Space exploration is becoming the primary aim of scientists in the ‘space industry’. It has managed to achieve a particular goal—Mars, and the participants in it are trying their best to send a human spaceflight. A round trip mission to the Red planet would take about 450 days on average [1]. Such long-term exposure to microgravity impacts different systems in the body. The holder of the record for the longest single space flight, Valeri Polyakov, endured 437 days. In the first six months of the mission, his health status was similar to other astronauts’ in terms of changes in autonomic regulation of circulation and cardiac contractility. But after this period, adaptive mechanisms had been activated [2]. In fact, the long-lasting exposure to low gravity leads to changes in bone density and muscle mass loss [3,4,5]. Furthermore, short and long-term microgravity exposure leads to alterations in behavioral reactions, memory, and neuroplasticity [6,7,8,9,10]. Various researches simulating microgravity or hypogravity conditions have been conducted as experiments in ground–based conditions due to the excessive cost of space experiments. An example of such an engineering solution is the random positioning machine (RPM) which is a device that changes the gravity direction by acting on an object placed at the geometrical center of two independently rotating perpendicular frames (inner and outer frame). It distributes the gravitational force and eventually offsets the sum of the integrated gravity vector during its operating time. Even though randomization of the gravity vector is the main idea behind the RPM, some pivotal limitations occur [11]. The primary disadvantage is that if the vector sum of acceleration is close to zero, hypogravity may be truthful for a point, but it is not so for a whole object. Another issue is the usage of high rotation speeds and large samples, or probes displaced from the center. Such situation will cause residual accelerations [12]. However, if the rotational speeds, the distance from the center of rotation and dimensions of the experimental area are restricted, then such a machine could provide an acceptably accurate model. In addition, by reducing the angular velocities of the frames and the distance from the center, the centrifugal force will become negligible. In this manner, RPM could be used for simulating both microgravity and hypogravity.

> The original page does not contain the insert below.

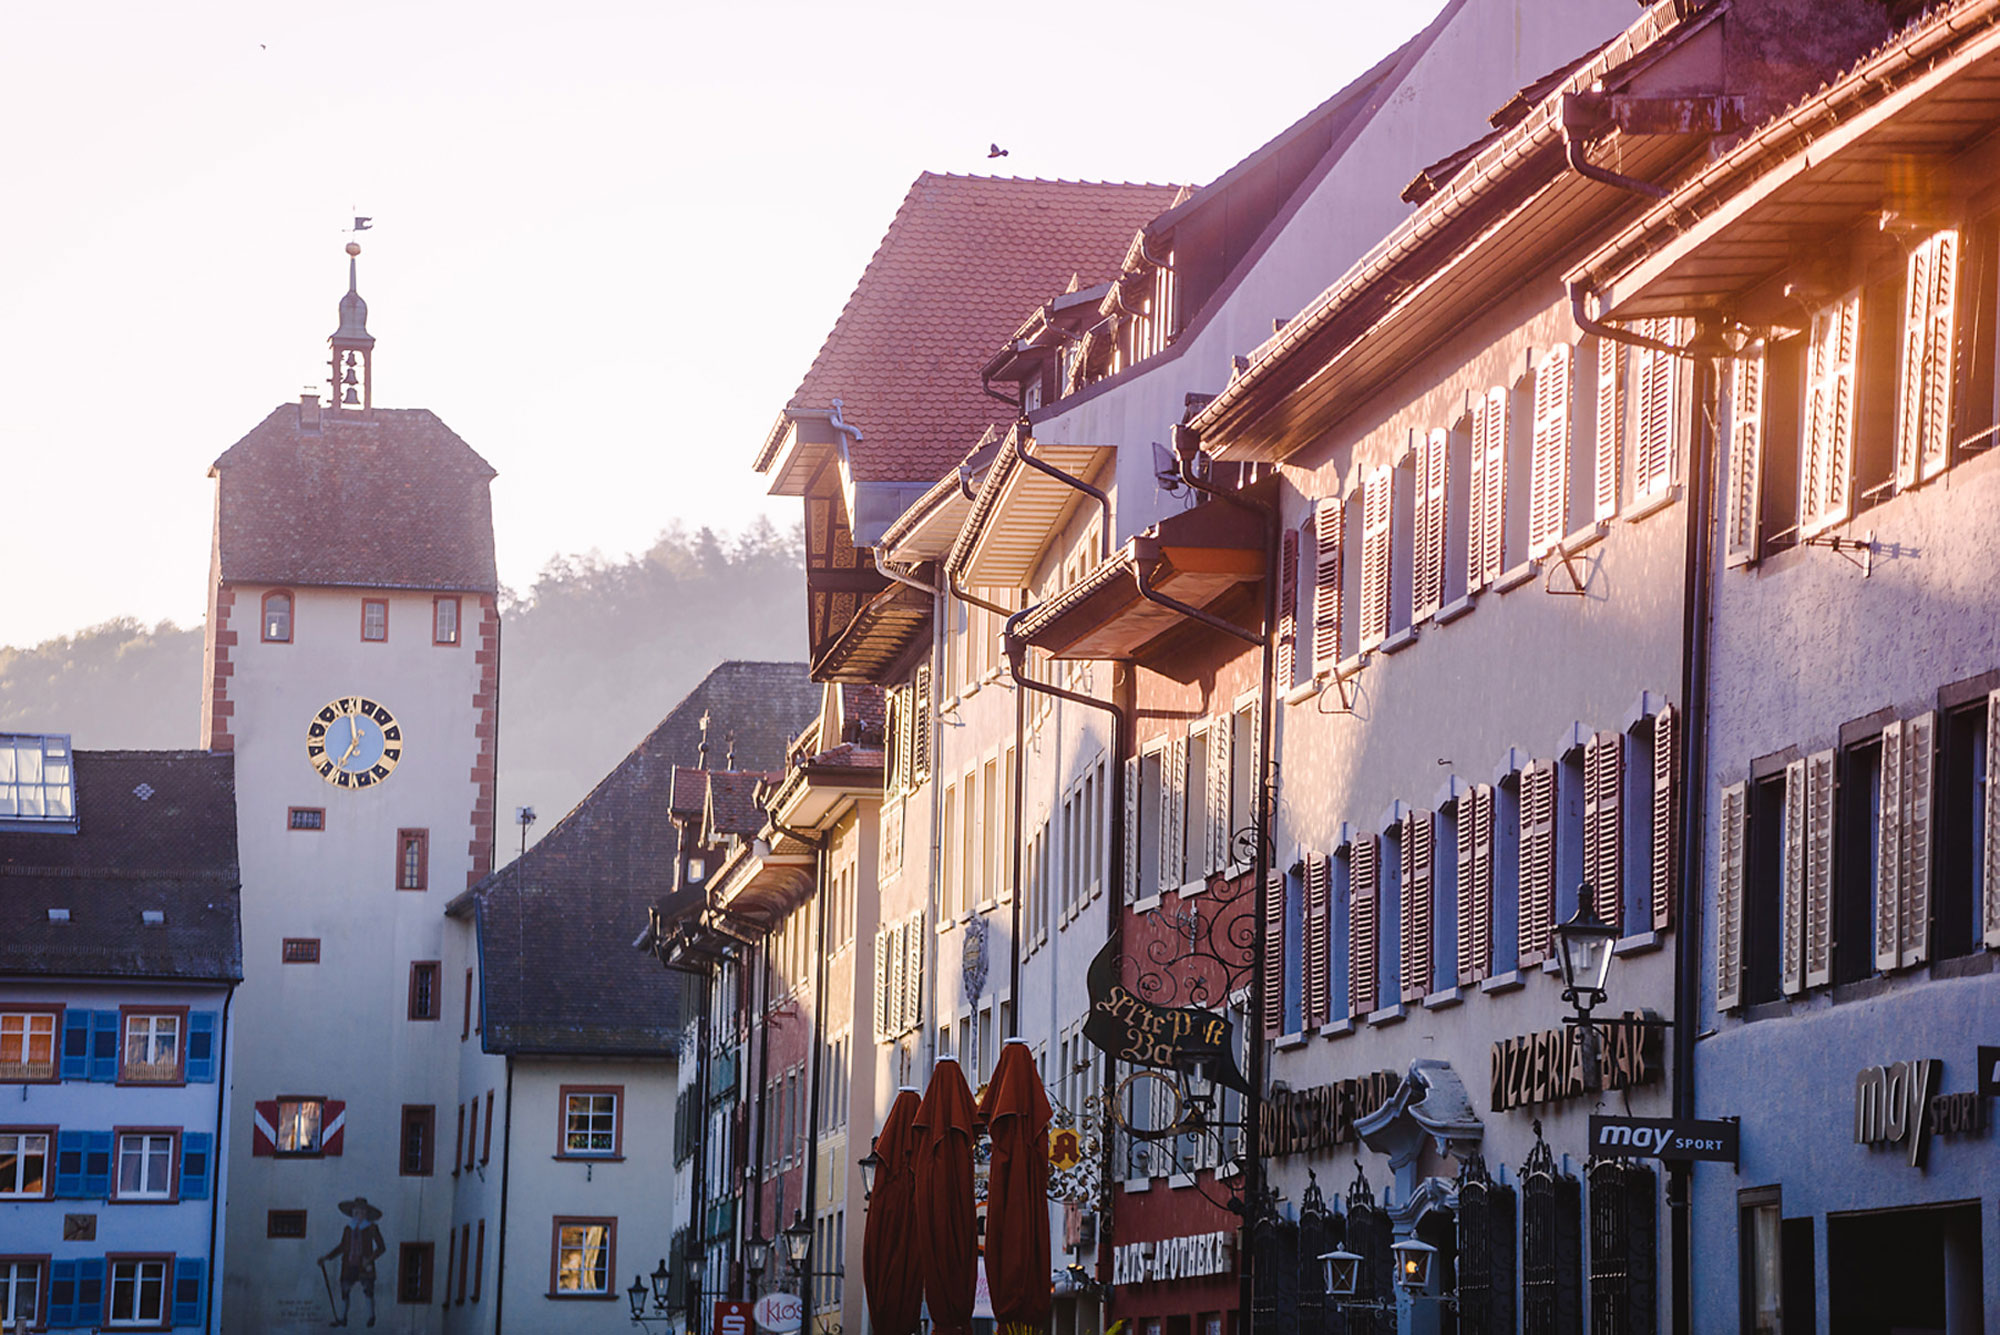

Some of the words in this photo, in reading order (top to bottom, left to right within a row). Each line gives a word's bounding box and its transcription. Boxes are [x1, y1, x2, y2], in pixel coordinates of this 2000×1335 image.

[1165, 1010, 1226, 1046] Pst
[1854, 1059, 1931, 1168] may
[1599, 1125, 1675, 1155] may
[1675, 1137, 1724, 1151] SPORT

One of the first prototypes of RPM was reported by Scano in 1963 [13]. Later, an upgrade has been proposed by Murakami, Yamada and Hoson [14,15], while a random walk of angular velocities has been incorporated by a Dutch group [16,17]. The main idea is the randomization of the gravity vector over time. The direction of the time-averaged gravity vector is changing and decreasing its effective value in terms of the object (see e.g., [12]). Moreover, the geometrical centers of both frames should coincide. In addition, the location of the sample is assumed to be at the rotational center.

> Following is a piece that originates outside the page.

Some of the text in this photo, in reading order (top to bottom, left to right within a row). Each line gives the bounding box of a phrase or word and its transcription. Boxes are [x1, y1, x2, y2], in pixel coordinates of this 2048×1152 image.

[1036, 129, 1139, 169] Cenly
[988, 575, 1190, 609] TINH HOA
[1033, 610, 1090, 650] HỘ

The main application of the RPM is to simulate the effects of long-term hypo- or microgravity on living objects. Cell cultures are more widely used in such type of experiments [18] while studies with experimental animals, especially with rats, are quite rare. It is known that rats are social animals which is related to conspecific cooperative interactions showing elaborate prosocial behaviors [19,20,21]. Rats in isolation are not able to coordinate their behavior with conspecifics [22]. Furthermore, laboratory rats housed in isolation show behavioral, neurobiological, physiological and psychological changes [23,24,25,26,27]. It must be mentioned that the physiological similarities between rats and humans allow the extrapolation of the results [28]. So, producing such outcomes will give vital information about the human physiological reaction to that kind of stimuli and better understanding of in-flight and post-flight changes in astronauts. A validation of the RPM operating mode for such experiments is required at this point. The randomization in time of the gravity vector is affected by different combinations between angular velocities, random or pattern change in parameters and directions [16,29,30]. Another proposed method is the time-averaged simulated microgravity (taSMG), which has been used to demonstrate the inhibition in the proliferation of cells [31]. It was suggested that the ratio between the angular velocities of the frames is crucial for the uniform dispersion of the gravity [29].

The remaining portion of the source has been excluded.